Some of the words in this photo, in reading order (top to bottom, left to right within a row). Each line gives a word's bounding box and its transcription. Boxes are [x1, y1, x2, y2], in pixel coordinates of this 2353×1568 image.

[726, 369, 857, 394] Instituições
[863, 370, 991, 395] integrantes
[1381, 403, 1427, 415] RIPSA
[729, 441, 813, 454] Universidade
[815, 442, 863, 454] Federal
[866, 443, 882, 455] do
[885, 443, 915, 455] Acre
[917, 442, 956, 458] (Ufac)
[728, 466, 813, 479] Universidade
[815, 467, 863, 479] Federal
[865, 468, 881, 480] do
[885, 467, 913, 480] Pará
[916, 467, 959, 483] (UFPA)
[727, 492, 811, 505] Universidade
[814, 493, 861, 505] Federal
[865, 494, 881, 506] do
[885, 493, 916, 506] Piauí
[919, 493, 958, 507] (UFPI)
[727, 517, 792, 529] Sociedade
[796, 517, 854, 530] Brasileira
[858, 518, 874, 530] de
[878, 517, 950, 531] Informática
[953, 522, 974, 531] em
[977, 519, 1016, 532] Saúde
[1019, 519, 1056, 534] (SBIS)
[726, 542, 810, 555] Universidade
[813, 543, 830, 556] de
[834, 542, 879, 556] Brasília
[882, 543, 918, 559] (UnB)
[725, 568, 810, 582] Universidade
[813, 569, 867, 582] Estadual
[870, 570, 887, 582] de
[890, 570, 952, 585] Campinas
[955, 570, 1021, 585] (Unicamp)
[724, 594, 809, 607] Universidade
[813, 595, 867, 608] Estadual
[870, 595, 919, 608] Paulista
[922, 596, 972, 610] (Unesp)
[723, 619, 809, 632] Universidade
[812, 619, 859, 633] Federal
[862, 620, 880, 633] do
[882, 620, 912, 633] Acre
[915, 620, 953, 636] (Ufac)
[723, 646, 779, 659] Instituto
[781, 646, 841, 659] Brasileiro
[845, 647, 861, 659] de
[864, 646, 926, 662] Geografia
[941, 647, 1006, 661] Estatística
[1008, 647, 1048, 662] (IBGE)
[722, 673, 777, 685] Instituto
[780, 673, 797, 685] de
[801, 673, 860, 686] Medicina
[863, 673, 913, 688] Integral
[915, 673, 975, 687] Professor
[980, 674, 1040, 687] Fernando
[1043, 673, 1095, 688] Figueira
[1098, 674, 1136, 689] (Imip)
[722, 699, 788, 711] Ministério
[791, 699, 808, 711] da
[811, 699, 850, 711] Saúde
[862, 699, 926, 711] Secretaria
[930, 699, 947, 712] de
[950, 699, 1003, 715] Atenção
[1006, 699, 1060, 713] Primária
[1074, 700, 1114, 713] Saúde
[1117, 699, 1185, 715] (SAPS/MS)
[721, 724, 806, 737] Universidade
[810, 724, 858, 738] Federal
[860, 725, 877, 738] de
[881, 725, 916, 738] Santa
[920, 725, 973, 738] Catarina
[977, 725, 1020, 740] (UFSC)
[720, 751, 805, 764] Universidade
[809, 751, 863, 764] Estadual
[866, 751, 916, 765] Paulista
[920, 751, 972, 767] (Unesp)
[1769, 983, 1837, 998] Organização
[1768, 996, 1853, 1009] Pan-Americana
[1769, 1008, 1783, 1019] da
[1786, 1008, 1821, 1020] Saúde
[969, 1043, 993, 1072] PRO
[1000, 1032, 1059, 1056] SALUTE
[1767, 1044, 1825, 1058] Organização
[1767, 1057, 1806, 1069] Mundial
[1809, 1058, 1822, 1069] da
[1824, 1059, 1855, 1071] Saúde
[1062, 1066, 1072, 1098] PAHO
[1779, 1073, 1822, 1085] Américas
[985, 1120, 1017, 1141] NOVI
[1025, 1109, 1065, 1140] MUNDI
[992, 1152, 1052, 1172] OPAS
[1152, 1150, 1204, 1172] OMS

### [WHAT YOU WILL DO]
Write the entries out once more, exactly, without dropping a line.

### [THE COMPLETED TASK]
Some of the words in this photo, in reading order (top to bottom, left to right within a row). Each line gives a word's bounding box and its transcription. Boxes are [x1, y1, x2, y2], in pixel coordinates of this 2353×1568 image.

[726, 369, 857, 394] Instituições
[863, 370, 991, 395] integrantes
[1381, 403, 1427, 415] RIPSA
[729, 441, 813, 454] Universidade
[815, 442, 863, 454] Federal
[866, 443, 882, 455] do
[885, 443, 915, 455] Acre
[917, 442, 956, 458] (Ufac)
[728, 466, 813, 479] Universidade
[815, 467, 863, 479] Federal
[865, 468, 881, 480] do
[885, 467, 913, 480] Pará
[916, 467, 959, 483] (UFPA)
[727, 492, 811, 505] Universidade
[814, 493, 861, 505] Federal
[865, 494, 881, 506] do
[885, 493, 916, 506] Piauí
[919, 493, 958, 507] (UFPI)
[727, 517, 792, 529] Sociedade
[796, 517, 854, 530] Brasileira
[858, 518, 874, 530] de
[878, 517, 950, 531] Informática
[953, 522, 974, 531] em
[977, 519, 1016, 532] Saúde
[1019, 519, 1056, 534] (SBIS)
[726, 542, 810, 555] Universidade
[813, 543, 830, 556] de
[834, 542, 879, 556] Brasília
[882, 543, 918, 559] (UnB)
[725, 568, 810, 582] Universidade
[813, 569, 867, 582] Estadual
[870, 570, 887, 582] de
[890, 570, 952, 585] Campinas
[955, 570, 1021, 585] (Unicamp)
[724, 594, 809, 607] Universidade
[813, 595, 867, 608] Estadual
[870, 595, 919, 608] Paulista
[922, 596, 972, 610] (Unesp)
[723, 619, 809, 632] Universidade
[812, 619, 859, 633] Federal
[862, 620, 880, 633] do
[882, 620, 912, 633] Acre
[915, 620, 953, 636] (Ufac)
[723, 646, 779, 659] Instituto
[781, 646, 841, 659] Brasileiro
[845, 647, 861, 659] de
[864, 646, 926, 662] Geografia
[941, 647, 1006, 661] Estatística
[1008, 647, 1048, 662] (IBGE)
[722, 673, 777, 685] Instituto
[780, 673, 797, 685] de
[801, 673, 860, 686] Medicina
[863, 673, 913, 688] Integral
[915, 673, 975, 687] Professor
[980, 674, 1040, 687] Fernando
[1043, 673, 1095, 688] Figueira
[1098, 674, 1136, 689] (Imip)
[722, 699, 788, 711] Ministério
[791, 699, 808, 711] da
[811, 699, 850, 711] Saúde
[862, 699, 926, 711] Secretaria
[930, 699, 947, 712] de
[950, 699, 1003, 715] Atenção
[1006, 699, 1060, 713] Primária
[1074, 700, 1114, 713] Saúde
[1117, 699, 1185, 715] (SAPS/MS)
[721, 724, 806, 737] Universidade
[810, 724, 858, 738] Federal
[860, 725, 877, 738] de
[881, 725, 916, 738] Santa
[920, 725, 973, 738] Catarina
[977, 725, 1020, 740] (UFSC)
[720, 751, 805, 764] Universidade
[809, 751, 863, 764] Estadual
[866, 751, 916, 765] Paulista
[920, 751, 972, 767] (Unesp)
[1769, 983, 1837, 998] Organização
[1768, 996, 1853, 1009] Pan-Americana
[1769, 1008, 1783, 1019] da
[1786, 1008, 1821, 1020] Saúde
[969, 1043, 993, 1072] PRO
[1000, 1032, 1059, 1056] SALUTE
[1767, 1044, 1825, 1058] Organização
[1767, 1057, 1806, 1069] Mundial
[1809, 1058, 1822, 1069] da
[1824, 1059, 1855, 1071] Saúde
[1062, 1066, 1072, 1098] PAHO
[1779, 1073, 1822, 1085] Américas
[985, 1120, 1017, 1141] NOVI
[1025, 1109, 1065, 1140] MUNDI
[992, 1152, 1052, 1172] OPAS
[1152, 1150, 1204, 1172] OMS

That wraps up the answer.